Sangam India’s Profit Before Tax Less Other Income (PBT LESS OI) surged by 217.5% to ₹50.36 crores compared to its previous four-quarter average. Profit After Tax (PAT) also rose impressively by 112.0% to ₹34.08 crores. Operating profit to interest ratio reached a high of 3.78 times, indicating strong coverage of interest expenses.

Net sales hit a record ₹883.92 crores, while Profit Before Depreciation, Interest and Tax (PBDIT) climbed to ₹101.78 crores. The operating profit margin expanded to 11.51%, the highest in recent quarters. Earnings per share (EPS) stood at ₹6.54, and cash and cash equivalents at half-year end were ₹65.80 crores, reflecting healthy liquidity.

Upcoming Earnings to Watch

Investors will closely monitor results from heavyweight companies such as Hindustan Zinc Ltd, Reliance Industries Ltd, and Shriram Finance Ltd, all scheduled to announce their quarterly performance on 24 April 2026. These results are expected to provide further clarity on sectoral trends and broader market direction.

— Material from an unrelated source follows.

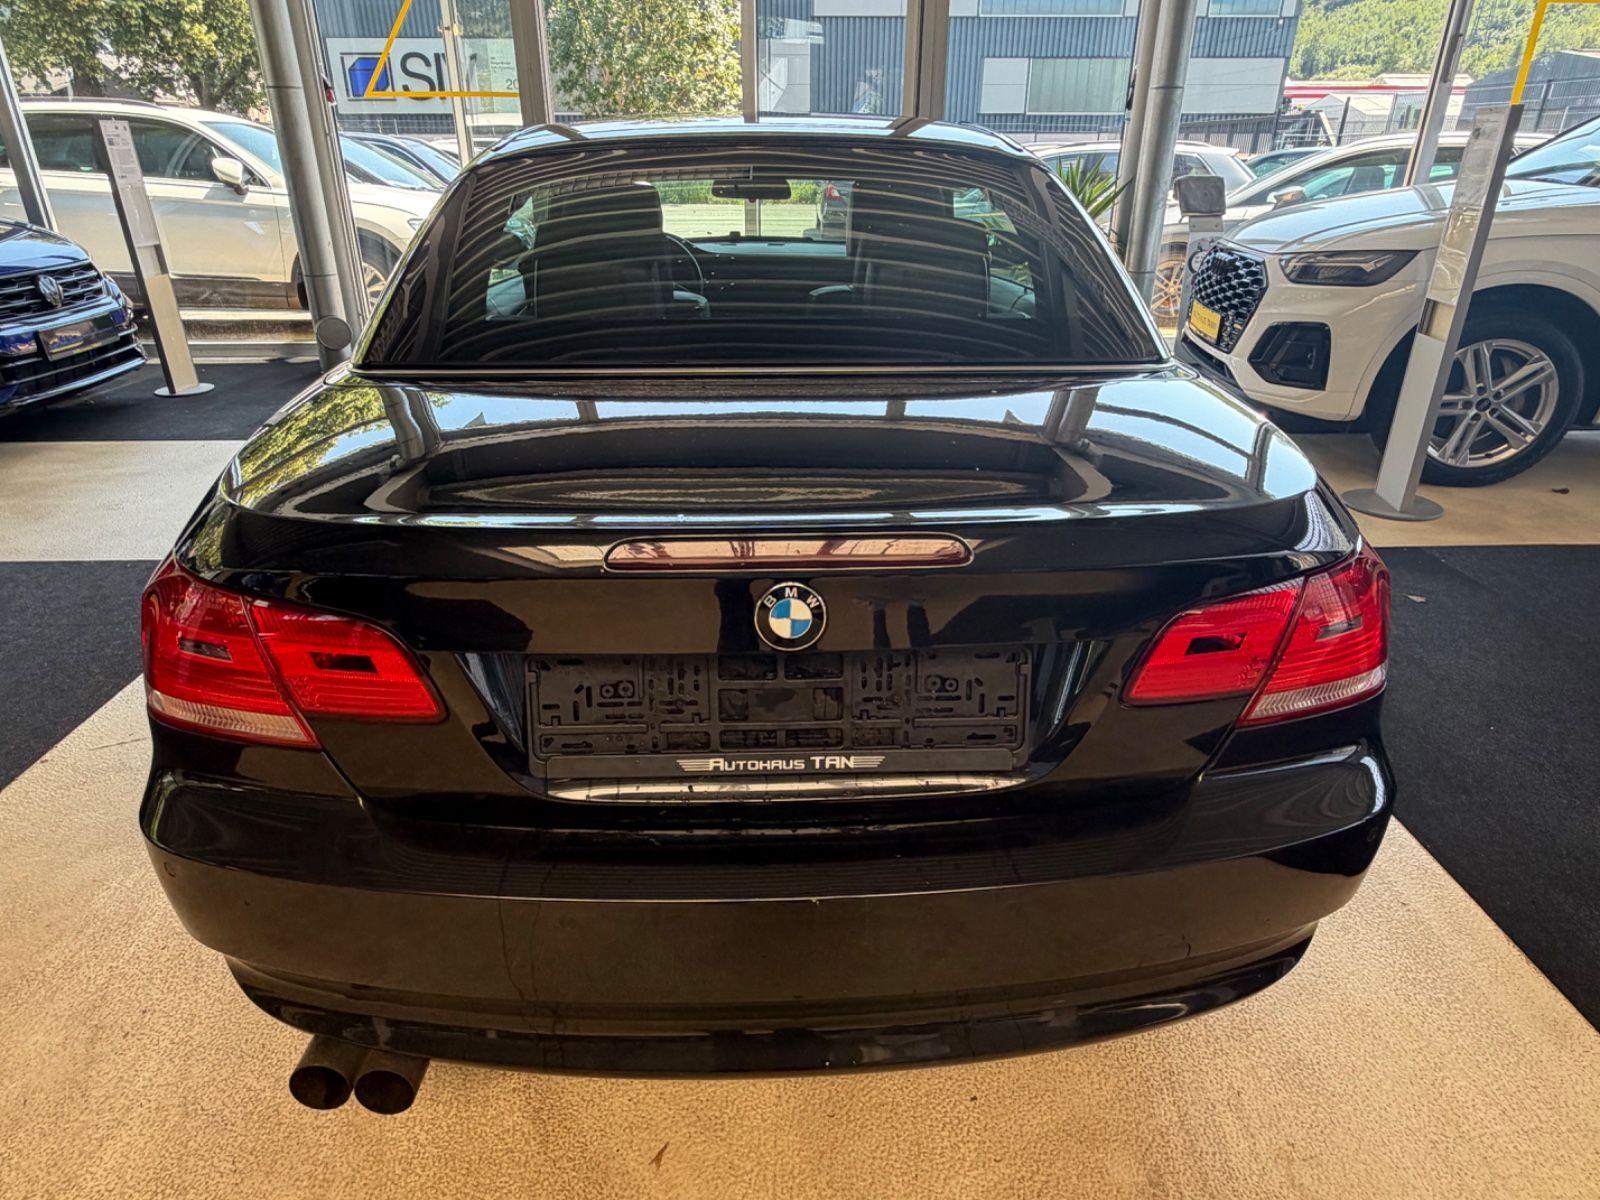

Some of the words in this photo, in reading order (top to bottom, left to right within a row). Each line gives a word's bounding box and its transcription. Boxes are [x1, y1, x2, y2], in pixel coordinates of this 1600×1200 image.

[763, 586, 820, 609] BMW
[709, 758, 805, 771] AUTOHAUS
[810, 756, 854, 769] TAN

Aggregate Profit Growth and Market Implications

The aggregate earnings growth for the quarter, as indicated by the rising proportion of positive results, suggests improving corporate profitability across sectors. Mid caps’ strong showing may attract increased investor interest, given their demonstrated growth potential and operational agility.

Large caps’ subdued performance warrants cautious optimism, as global economic uncertainties and sector-specific challenges persist. Small caps, while improving, remain a mixed bag, requiring selective stock picking based on fundamentals and sector outlook.

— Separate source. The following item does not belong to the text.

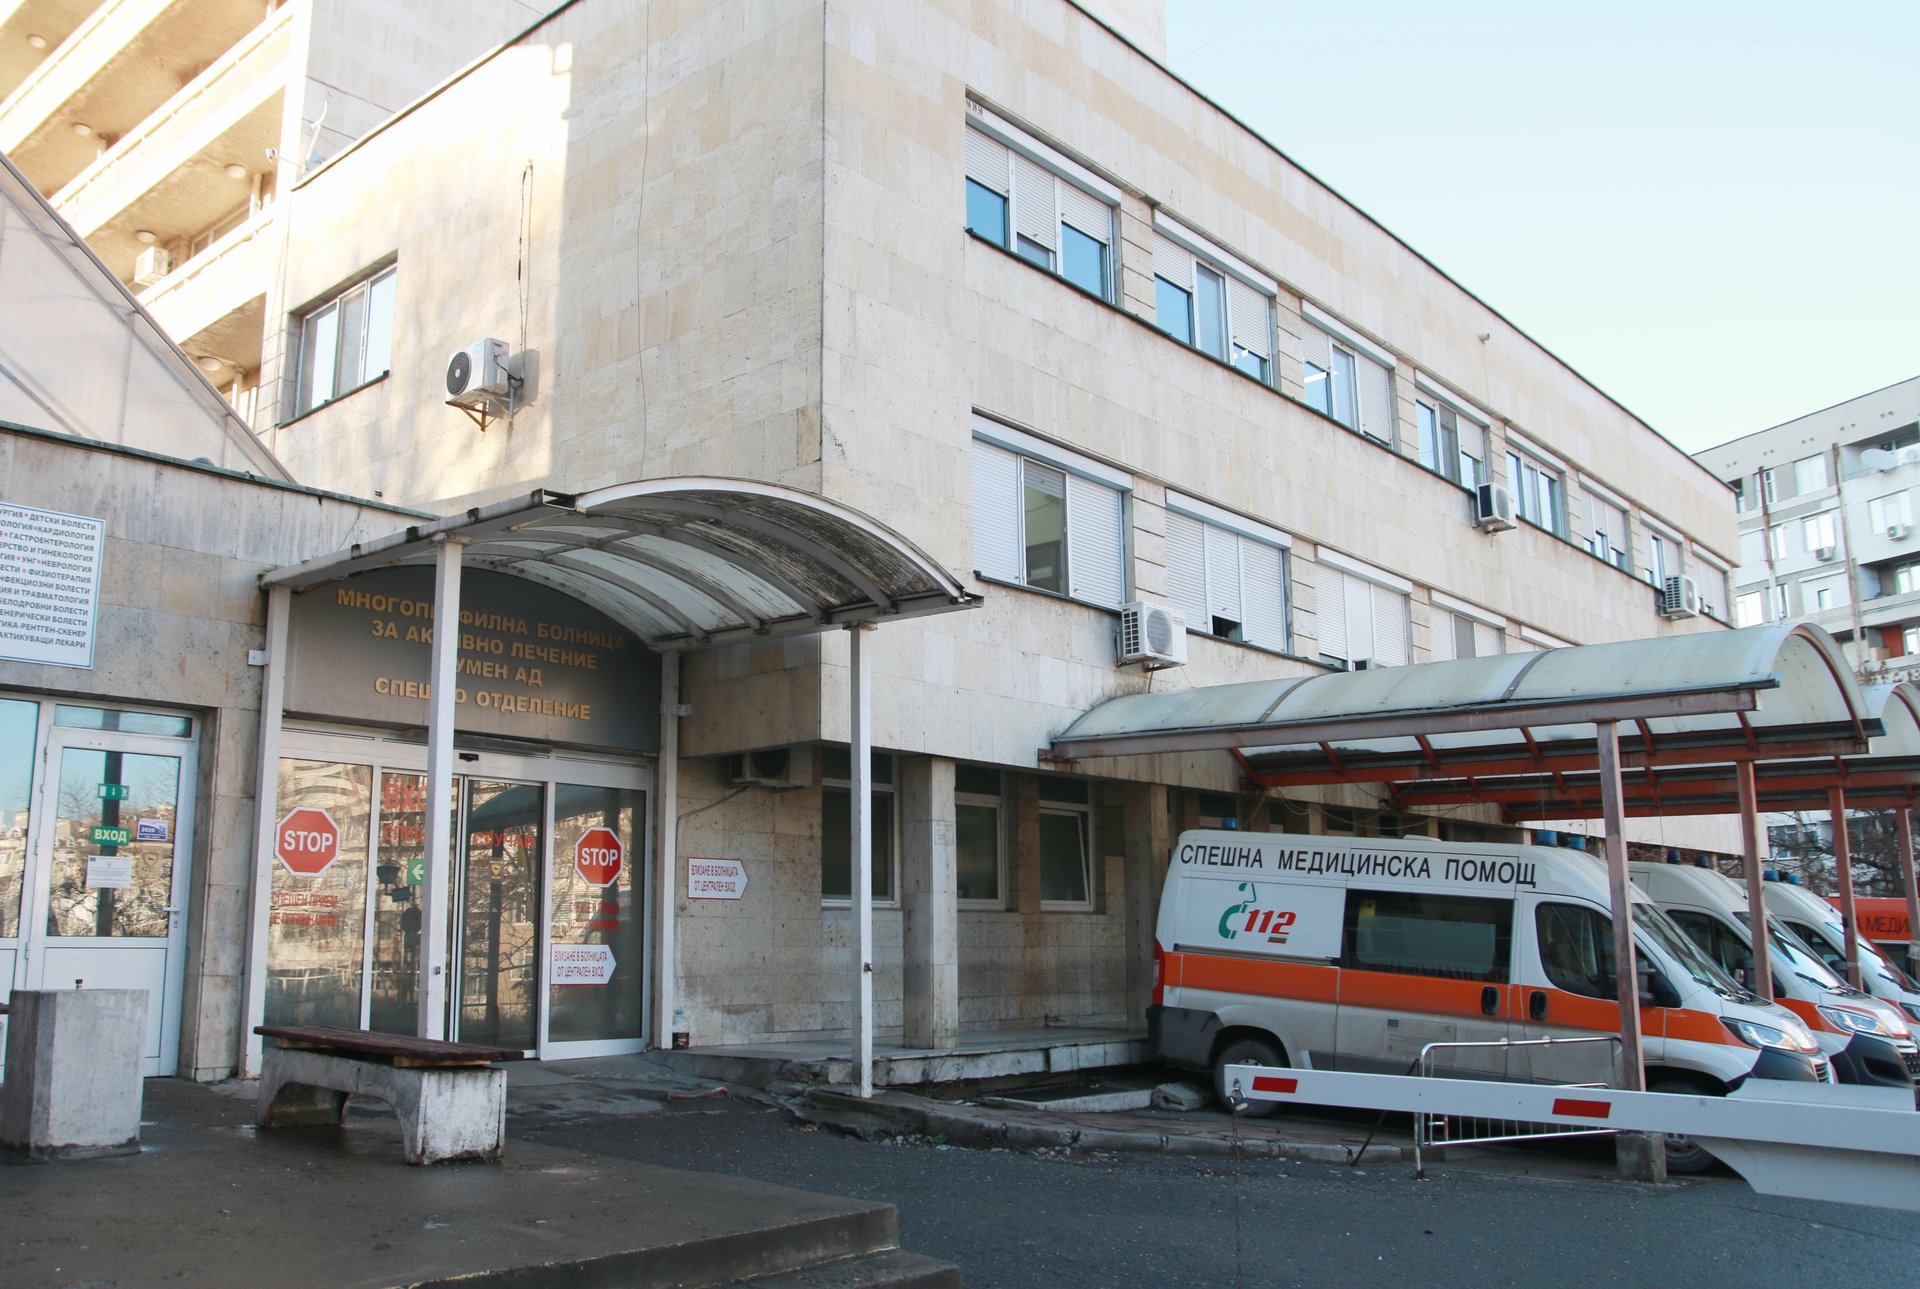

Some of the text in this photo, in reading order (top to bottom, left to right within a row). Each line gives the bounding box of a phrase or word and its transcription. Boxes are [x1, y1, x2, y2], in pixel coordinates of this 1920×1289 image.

Overall, the earnings season reflects a gradual recovery phase with pockets of strength, particularly in mid caps and select sectors such as FMCG, banking, transport services, and renewable energy.

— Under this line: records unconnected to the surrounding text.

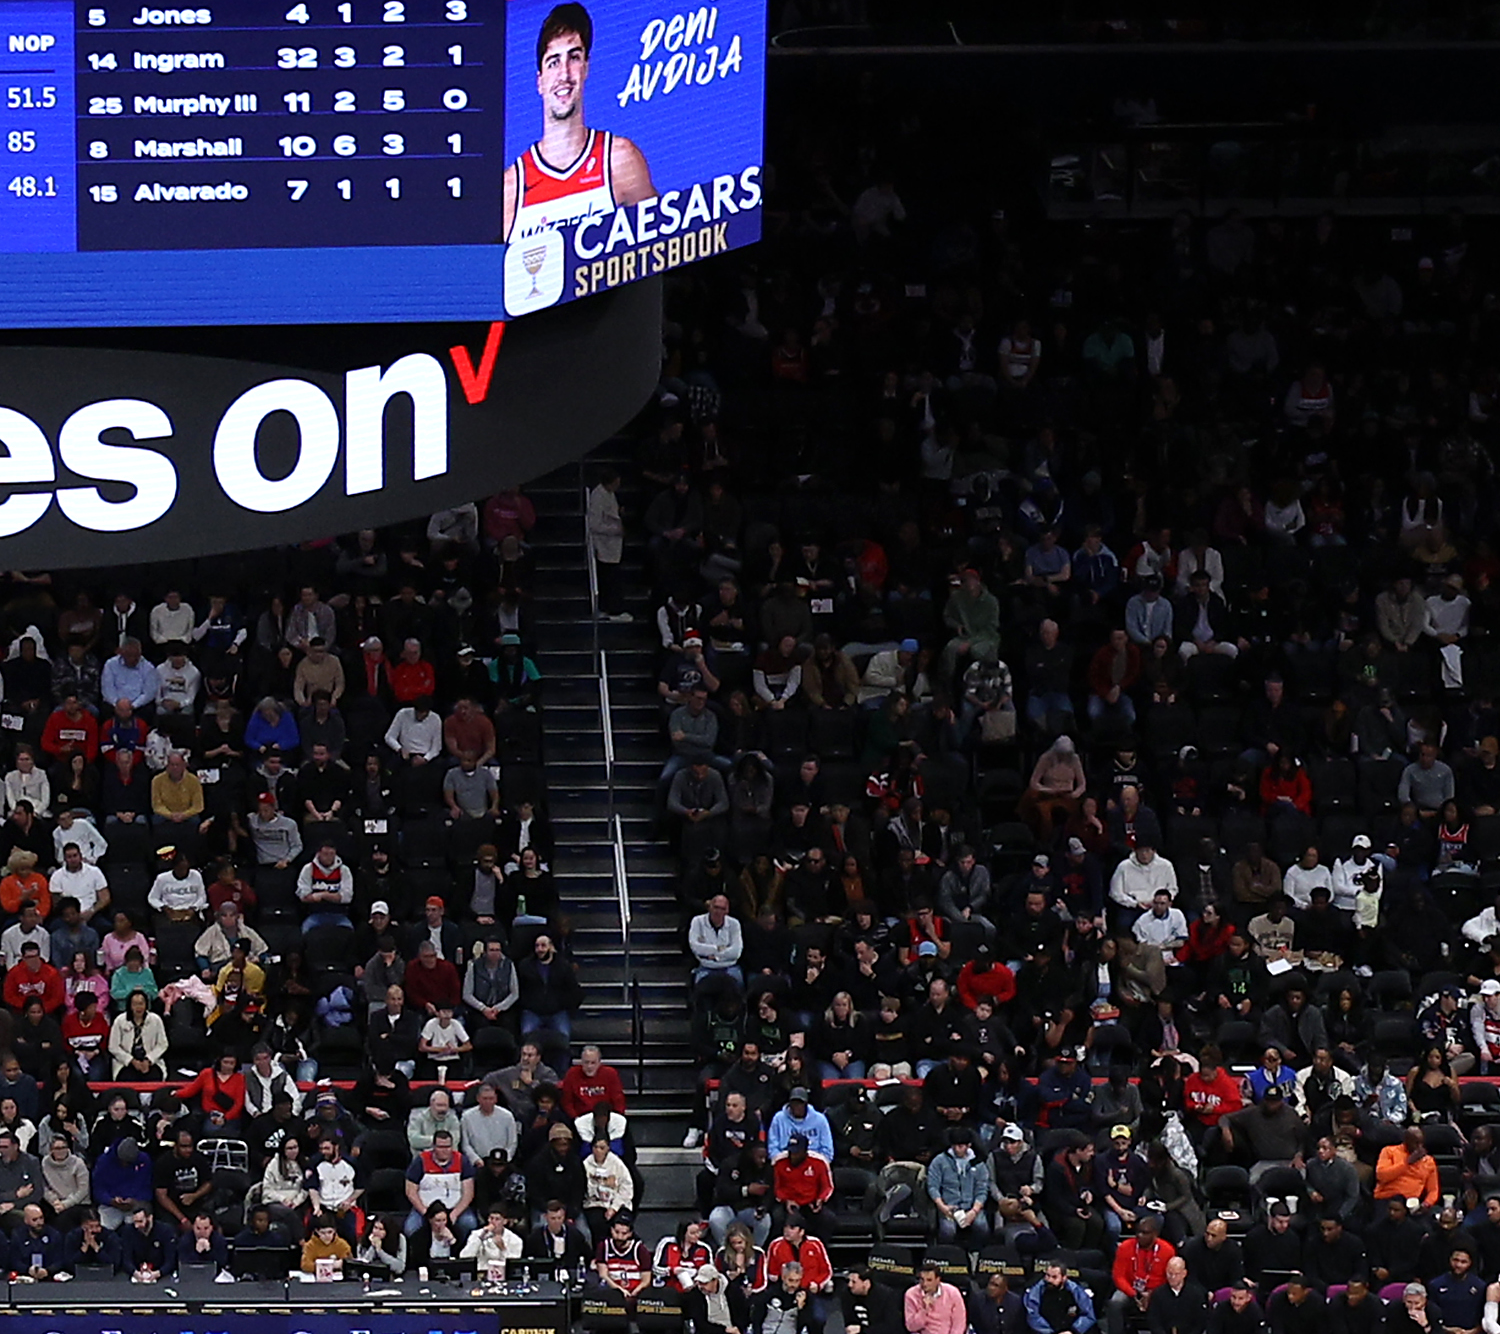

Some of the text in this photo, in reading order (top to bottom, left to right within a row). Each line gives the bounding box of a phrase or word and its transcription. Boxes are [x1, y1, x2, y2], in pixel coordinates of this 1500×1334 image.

[132, 7, 212, 25] Jones
[8, 34, 55, 53] NOP
[134, 50, 224, 71] Ingram
[7, 86, 56, 109] 51.5
[134, 94, 257, 116] Murphy III
[7, 130, 36, 153] 85
[134, 137, 243, 158] Marshall
[7, 175, 57, 198] 48.1
[133, 181, 249, 202] Alvarado
[575, 221, 727, 297] SPORTSBOOK
[213, 352, 447, 513] on

Key Takeaways for Investors:

  • Mid cap companies are leading earnings growth with 80.0% positive results, signalling attractive opportunities.
  • Large caps show cautious results with only 39.0% positive outcomes, highlighting sectoral headwinds.
  • Small caps present selective opportunities, with top performers in transport, power, and NBFC sectors.
  • Sangam India’s exceptional quarterly performance underscores the potential in garments and apparel mid caps.
  • Upcoming results from major corporates will be critical in shaping market sentiment for Q1 FY27.

Conclusion

The March 2026 quarter earnings season has underscored the evolving dynamics within the Indian equity market. While mid caps have emerged as the clear winners with robust earnings growth and positive results, large caps continue to face challenges amid a complex macroeconomic backdrop. Small caps offer pockets of growth but require careful selection.

Investors should consider these trends in portfolio allocation, favouring sectors and companies demonstrating operational resilience and earnings momentum. The forthcoming results from marquee companies will further illuminate the path ahead for the market in FY27.